概要:Mesh上に貼り付けるテクスチャのマッピングを行う。

  • テクスチャのラスタリング、フィルタリング処理 ・・・ テクスチャをMesh上に割り当てるときの拡大・縮小等を綺麗に処理するなど。
  • ミップマップ作成(MIP Map) ・・・遠くのオブジェクトと近くのオブジェクとで、同じ解像度のテクスチャを貼り付けるのでなく、遠くのオブジェクトには事前に作成しておいた小さなテクスチャを貼り付けることで、計算速度を上げる処理。(メモリは~1.6倍に程度、使用量が増える)
  • 複数のテクスチャの合成 ・・・ Meshに複数テクスチャが指定されているときの合成を行う。
  • テクスチャリソース管理 ・・・ メモリロード先の自動管理を行う。保存先がVRAMかそれ以外か、Cacheされているかの管理等。CacheについてはFILOで古いものから破棄される。

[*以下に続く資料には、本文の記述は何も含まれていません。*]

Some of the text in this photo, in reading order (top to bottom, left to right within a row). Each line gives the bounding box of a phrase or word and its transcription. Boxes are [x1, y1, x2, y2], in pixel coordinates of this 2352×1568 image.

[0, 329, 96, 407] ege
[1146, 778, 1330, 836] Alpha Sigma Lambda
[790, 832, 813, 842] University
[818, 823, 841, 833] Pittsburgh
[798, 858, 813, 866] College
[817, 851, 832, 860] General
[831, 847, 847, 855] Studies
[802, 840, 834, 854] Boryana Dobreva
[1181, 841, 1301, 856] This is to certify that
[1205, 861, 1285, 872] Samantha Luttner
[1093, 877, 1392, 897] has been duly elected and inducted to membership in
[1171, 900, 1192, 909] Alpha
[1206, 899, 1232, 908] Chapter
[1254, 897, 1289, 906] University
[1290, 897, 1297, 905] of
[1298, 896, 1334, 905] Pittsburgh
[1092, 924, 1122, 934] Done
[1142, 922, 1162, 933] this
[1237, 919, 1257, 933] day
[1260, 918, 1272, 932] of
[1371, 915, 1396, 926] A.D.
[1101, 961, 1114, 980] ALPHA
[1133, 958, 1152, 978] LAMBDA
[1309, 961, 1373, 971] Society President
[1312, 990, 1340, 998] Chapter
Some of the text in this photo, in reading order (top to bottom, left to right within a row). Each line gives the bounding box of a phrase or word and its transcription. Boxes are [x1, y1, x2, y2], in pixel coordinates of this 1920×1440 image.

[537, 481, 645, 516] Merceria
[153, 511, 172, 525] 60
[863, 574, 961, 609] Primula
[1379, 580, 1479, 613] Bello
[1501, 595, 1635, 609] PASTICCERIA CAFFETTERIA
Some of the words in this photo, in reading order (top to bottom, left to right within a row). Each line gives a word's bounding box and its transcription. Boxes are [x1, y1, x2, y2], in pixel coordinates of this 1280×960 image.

◆ピクセル処理とレンダリング(Pixel Processing&Rendering)

概要:生成される画像への加工を行う。

  • シザーテスト(Scissor Test) ・・・ 出力画面上で、矩形を指定することで、指定された領域(シザー矩形)以外をレンダリング対象外とする
  • 深度バイアス(Z-Bias) ・・・ 同一平面上にあるMesh(例えば「壁」と「壁の上の影」)の描画順序を決める。Z値を決めておくことで、順序を設定できる。
  • ステンシルテスト(Stencil Test) ・・・ 出力画面上で、マスクを指定しておくことで、シザーテストと違い、様々な形状の範囲をレンダリング対象外とすることができる。
  • バンプマッピング(Bump Mapping) ・・・ 法線マップを計算して平面上での凹凸を陰影で表現する。
  • 光線処理(Specular Add) ・・・ 物体に艶があるとして、光源が物体に反射して光源の色が反映されるハイライト処理の反映をする。
  • フォグ処理(Fog) ・・・ 描画対象の物体までの距離から、霧の濃淡を計算してピクセルを変化させる。遠くの物体を表示させないためのクリッピング処理と合わせて処理を軽くしたりできる。
  • アルファブレンド処理 ・・・ ピクセルのαブレンド(透過率を考慮して、各工程で生成された画像同士の合成処理)を行う。